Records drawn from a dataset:
<<<<
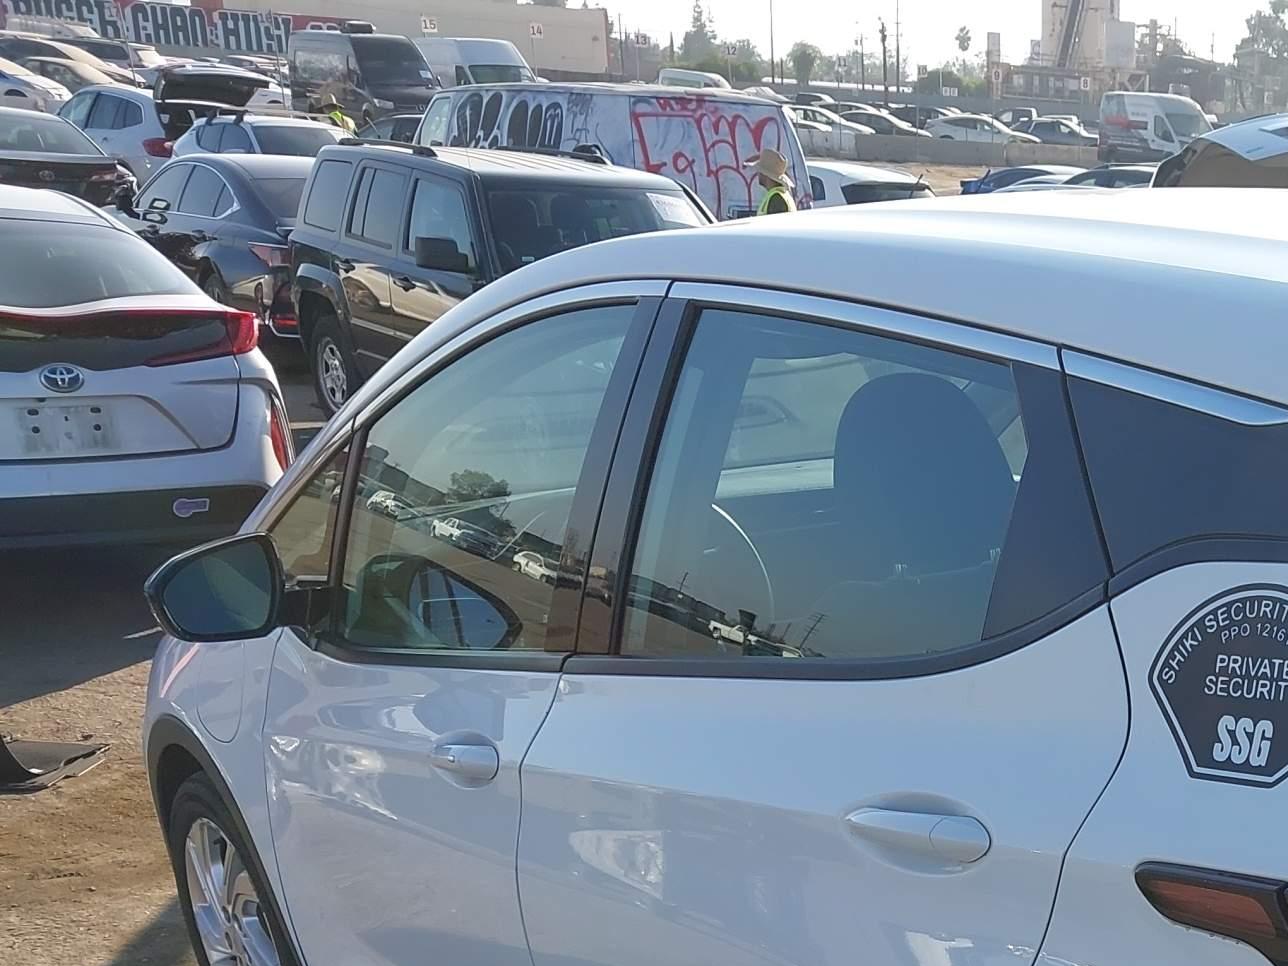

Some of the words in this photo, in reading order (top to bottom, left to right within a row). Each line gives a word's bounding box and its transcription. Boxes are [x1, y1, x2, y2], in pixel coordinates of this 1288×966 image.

[422, 18, 437, 30] 15
[530, 25, 543, 36] 14
[635, 34, 648, 46] 13
[726, 45, 737, 56] 12
[1220, 623, 1251, 644] PPO
[1162, 625, 1204, 684] SHIKI
[1212, 714, 1275, 768] SSG
>>>>
Task description: Each of the entries above must be output exactly, with none of the pictures.

Expected output:
Some of the words in this photo, in reading order (top to bottom, left to right within a row). Each line gives a word's bounding box and its transcription. Boxes are [x1, y1, x2, y2], in pixel coordinates of this 1288×966 image.

[422, 18, 437, 30] 15
[530, 25, 543, 36] 14
[635, 34, 648, 46] 13
[726, 45, 737, 56] 12
[1220, 623, 1251, 644] PPO
[1162, 625, 1204, 684] SHIKI
[1212, 714, 1275, 768] SSG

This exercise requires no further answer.